TRELLIS image-large is a multi-stage structured-3D-latent pipeline: a sparse-structure flow + SLAT flow (the two ~1.1–1.2 GB DiT models) feed mesh / Gaussian / radiance-field decoders. Two stages use custom CUDA ops with no ROCm build:

spconv → torchsparse (HIP). The sparse 3D convolutions are routed through torchsparse instead of spconv. The fork's trellis/modules/sparse/conv/__init__.py dispatches from .conv_torchsparse import * when SPARSE_BACKEND=torchsparse, and the installer builds torchsparse for the HIP backend — so the substitution is wired into the model graph, not merely available.
nvdiffrast → nvdiffrast-hip. The fork ships a rewritten coarse rasterizer (CoarseRasterSimple.inl) that replaces CUDA warp intrinsics (__syncwarp, __ballot_sync) — which deadlock on RDNA3 — with a serialized, HIP-safe path, plus a bounds-check fix for an out-of-range triHeader[i].misc read. The full debugging trail is in AMD_GPU_GUIDE.md and experiments/raster/.
diff-gaussian-rasterization gets a manual HIP build for the Gaussian-splat export.

Troubleshooting

~7% silent triangle culls (rasterizer correctness)

Per experiments/raster/findings.md: about 7% of bin-queued triangles hit the bounds-check else-branch in coarseRasterImpl per frame and "The fix culls them silently". The author reports visual fidelity holds across a 300-frame test, but the root cause (a missing .misc write, "Phase C" hypothesis) is unresolved. Treat output as prototype-grade; validate critical geometry independently.

GLB export takes 5–10 minutes

This is expected, not a hang. The coarse rasterizer is serialized and slower than NVIDIA's warp-parallel version, and texture baking runs 2500 optimization steps. The console logs five GLB-export steps; heavy CPU+GPU load during texture bake is normal.

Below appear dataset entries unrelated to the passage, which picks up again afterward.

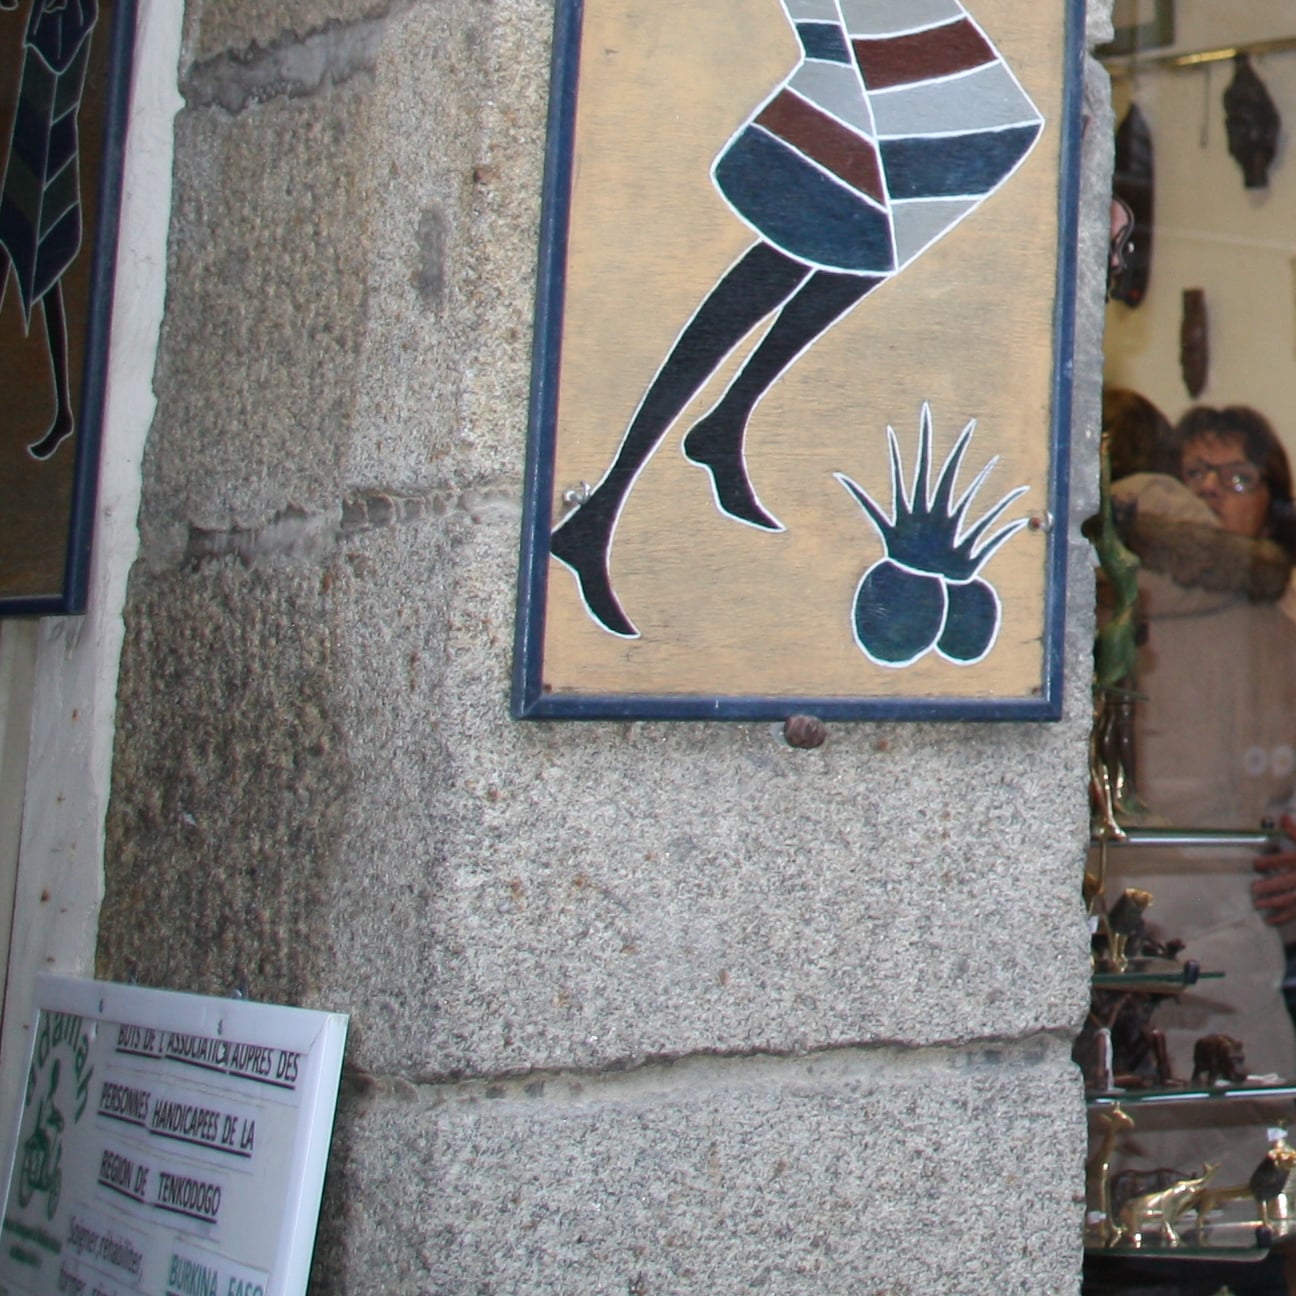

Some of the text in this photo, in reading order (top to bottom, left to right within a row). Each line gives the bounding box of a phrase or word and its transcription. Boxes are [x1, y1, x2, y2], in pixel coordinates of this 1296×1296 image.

[276, 1052, 300, 1082] DES
[101, 1082, 256, 1151] PERSONNES HANDICAPEES DE LA
[102, 1150, 222, 1216] REGION DE TENKODOGO
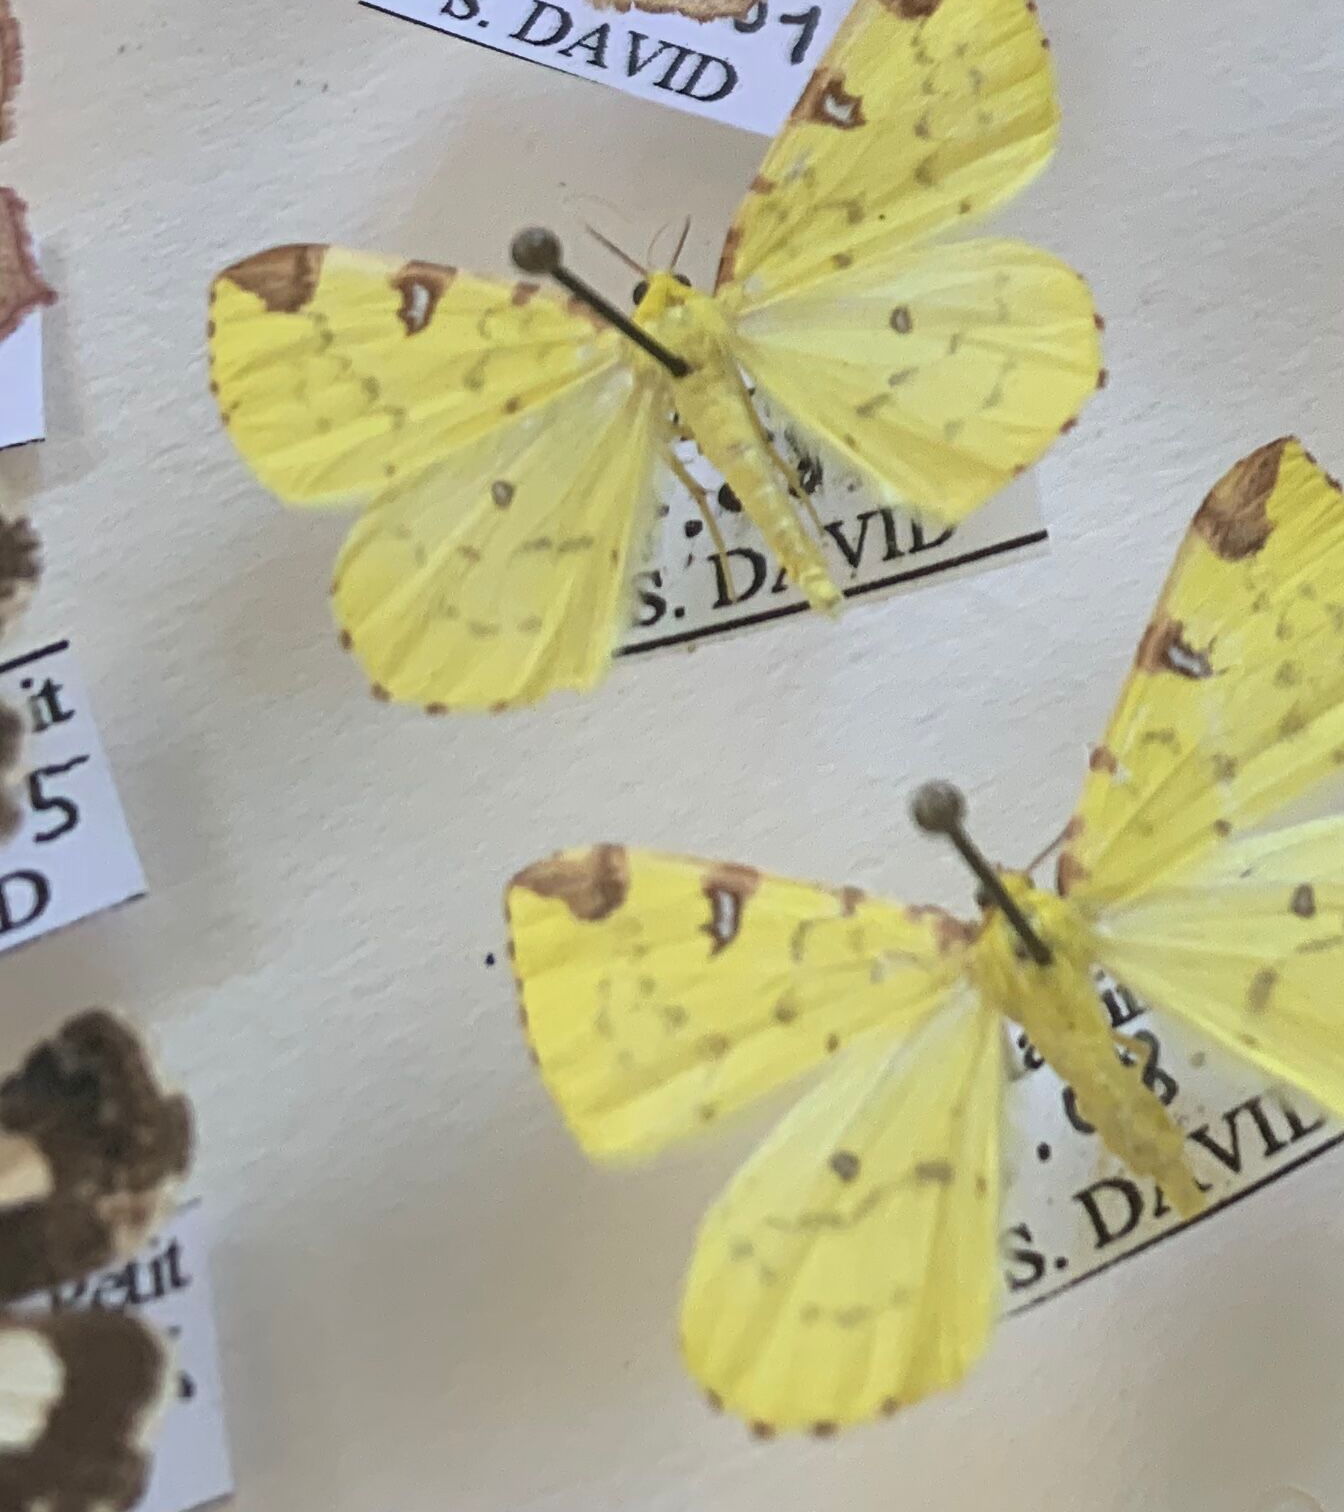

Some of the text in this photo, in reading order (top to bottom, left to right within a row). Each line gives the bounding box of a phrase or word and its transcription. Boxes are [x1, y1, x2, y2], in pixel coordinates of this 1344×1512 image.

[634, 503, 955, 627] S. DVID
[1006, 1221, 1070, 1291] S.

CUDA symbol / torchsparse "no attribute" errors

These mean a stock CUDA extension got picked up instead of the AMD-modified one, or torchsparse built without the GPU backend. Rebuild torchsparse for HIP:

cd extensions/torchsparse && CUDA_HOME=/opt/rocm FORCE_CUDA=1 pip install . --no-build-isolation

Empty mesh

Confirm the input image has a clear foreground subject after rembg background removal. If the mesh is too sparse, raise the Mesh Simplify slider toward 0 in the UI (or pass simplify=0.0 to to_glb()) to keep more triangles.

GPU hang / crash

Ensure ROCm 7.0+ and a ROCm PyTorch build (torch 2.9.1+rocm6.4 or newer). On gfx1101 this fork runs natively without HSA_OVERRIDE_GFX_VERSION — the card is officially ROCm-supported.

Report problems with this pair via the submission form.